Mothering is an action. It’s a whole-hearted love for another person – a protective barrier made human. We mother in many different ways.

I have so many mentors in mothering. So many women, with and without children, who build me up so that I know I can be the mother I want to be. When I am feeling lost, they are the ones who come to me and guide me back onto a path that leads me to where I want to be. They’re my compass.

When my husband and I were really struggling with sleep deprivation, like two sinking ships in the night, my friends made a roster to help us so that we could have just a few hours to sleep in the same bed at the same time.

My little boys have dozens of aunties and mamas. They are known by the prefix Mama. Mama Gem. Mama Jean. Mama Miriam. Mama Kiki. They know they’re good for cuddles. Good for another set of arms to be held in. My baby Ham said “Jodie”, the name of one of my closest friends, before he said almost anyone else’s name. Sawah and Oueese are my kids’ Sunday friends and beloved aunties to almost all of Wellington’s ballet loving children. The list goes on…

My kindy mum friends are with me despite my worried 2am thoughts that I’m far too useless to make kindy mum friends.

My son’s teachers are part of the mama system. They teach me as much as they teach my children. My former boss who has been unfailingly supportive since my very first child – so much so that I promised I would follow her wherever she went – is there too. As is my real sister who is the reason why I can never pay my phone bill on time and also the reason why I haven’t lost my mind. And all of my unofficial sisters.

There are so many working together to build a community that sits behind a mum.

I think often of these women. Those who celebrate who I am as a mum, but don’t see me as only a mum.
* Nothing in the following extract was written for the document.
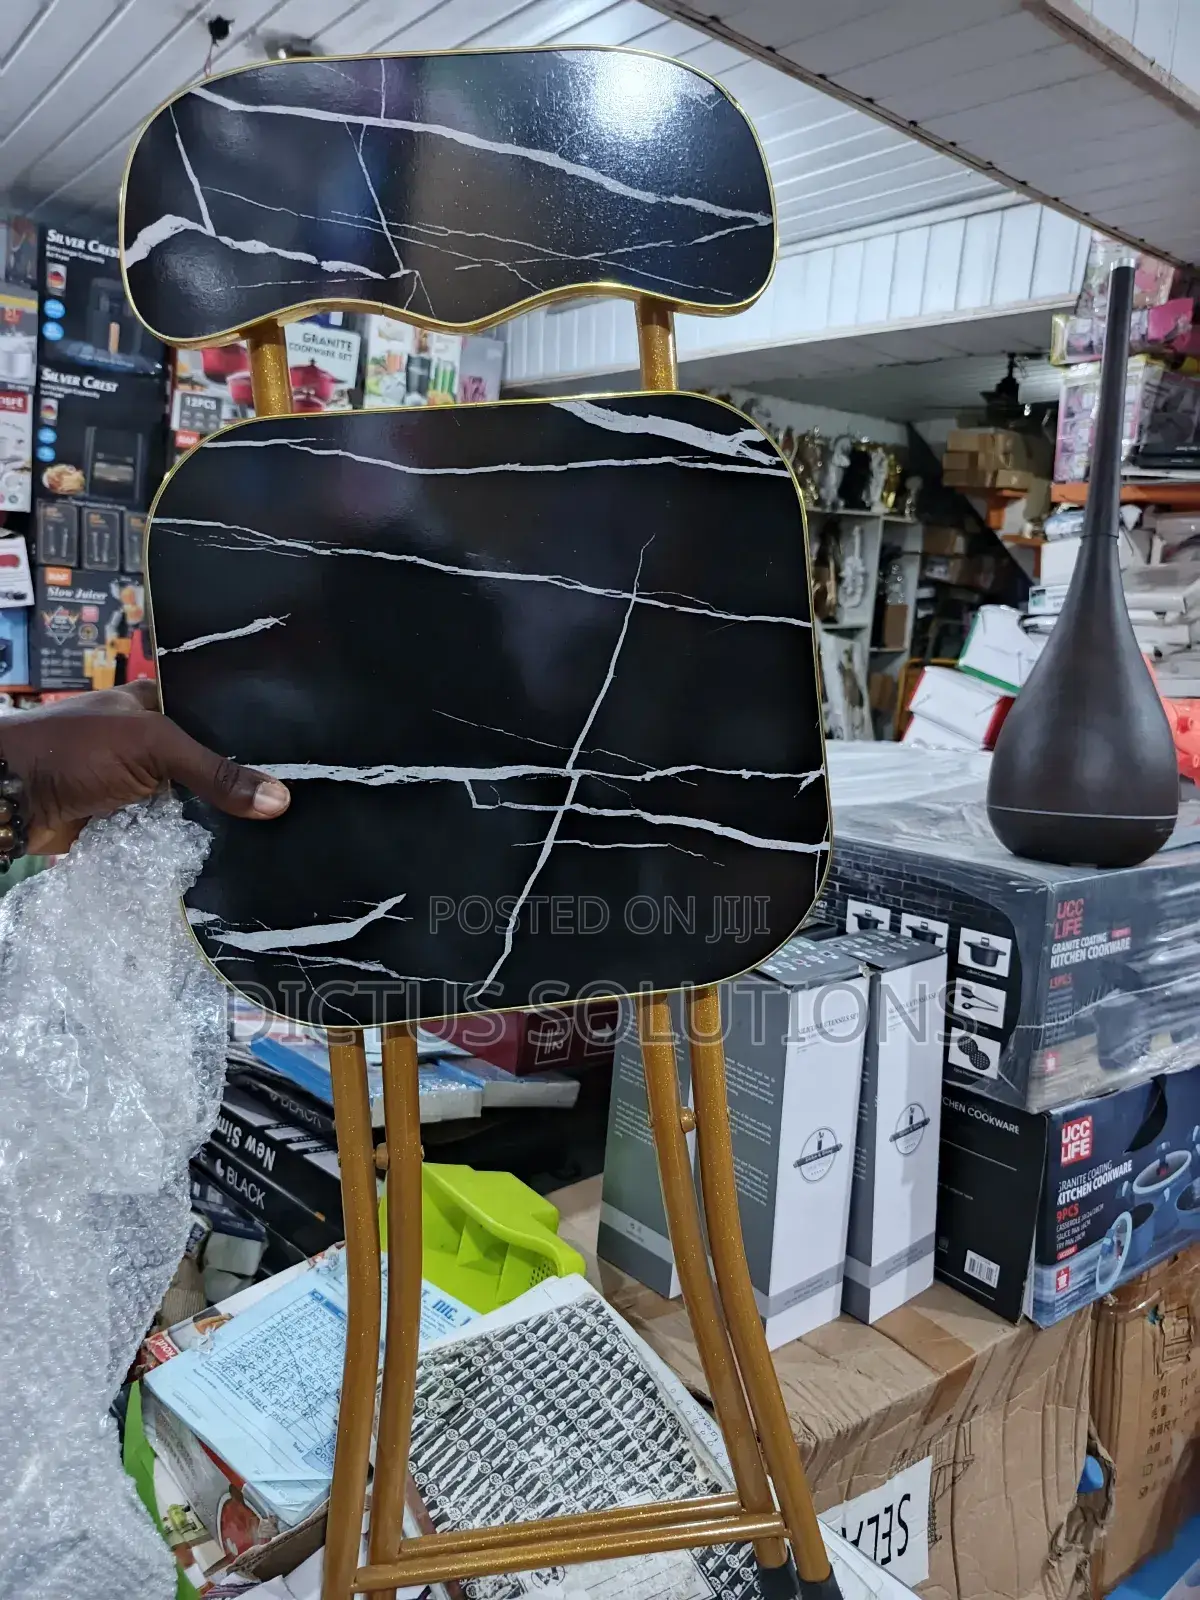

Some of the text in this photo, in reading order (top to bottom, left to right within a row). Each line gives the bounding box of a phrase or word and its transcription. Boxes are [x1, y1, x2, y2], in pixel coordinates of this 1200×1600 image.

When we all get together we shed our mum selves like cloaks and hold space for each other to feel those raw and unjust agonies of parenting – that pressure and that pain – it is so powerful. When we celebrate the lives we have – no matter how those lives look to the world – we create something so special.

Somewhere in this mix my children are growing with the most incredible role models in their lives. They will run into the arms of my friends, snuggle in, talk to them for hours (whether they like it or not).

Nobody has ever told you just how much you will love your friends’ children. How you will cuddle them and feel like they’re your own. How you will beam with pride when they succeed, and burn with anger when anyone crosses them.

You don’t have to birth a baby to know that love. My love for my niece and nephews and the babies of my friends is so strong. When we muddle through life together, making mistakes on this path, pulling each other up, helping each other out – we are bonded.

These babies are babies I have fed myself, some from my own breast, have rocked to sleep, sung to. I have cried for them, laughed with them. And their mothers have done the same with my babies. And those without babies of their own have opened their hearts to all of these babies and watched with delight and joy as our babies have adopted them.

So to all of the brilliant and amazing women in my life, on today, an ordinary day, I want to say thank you.

As I age I have realised the redemptive and awesome wonder of women friendships. I spent too much as a teenager internalising bullshit about women – too much time trying to leave the turbulent relationships of my teens and early twenties. Now, at 33, I know I cannot function without my sisters, my coven, my girl gang, my wāhine, wives, loves, mothers. And even if I could, I wouldn’t want to. The ties that bind us together are beautiful – we finally feel secure in a way that I wish all young women could feel.

Thank you for being the glue that mends the broken. Thank you for being the shoulder to cry on, the chocolate, the glass of wine, the stinky cheese and crackers, the real proper coffee on a Sunday morning. In sickness and in health. The most deep, meaningful, and abiding friendships of my life will be here and now when they’re most needed.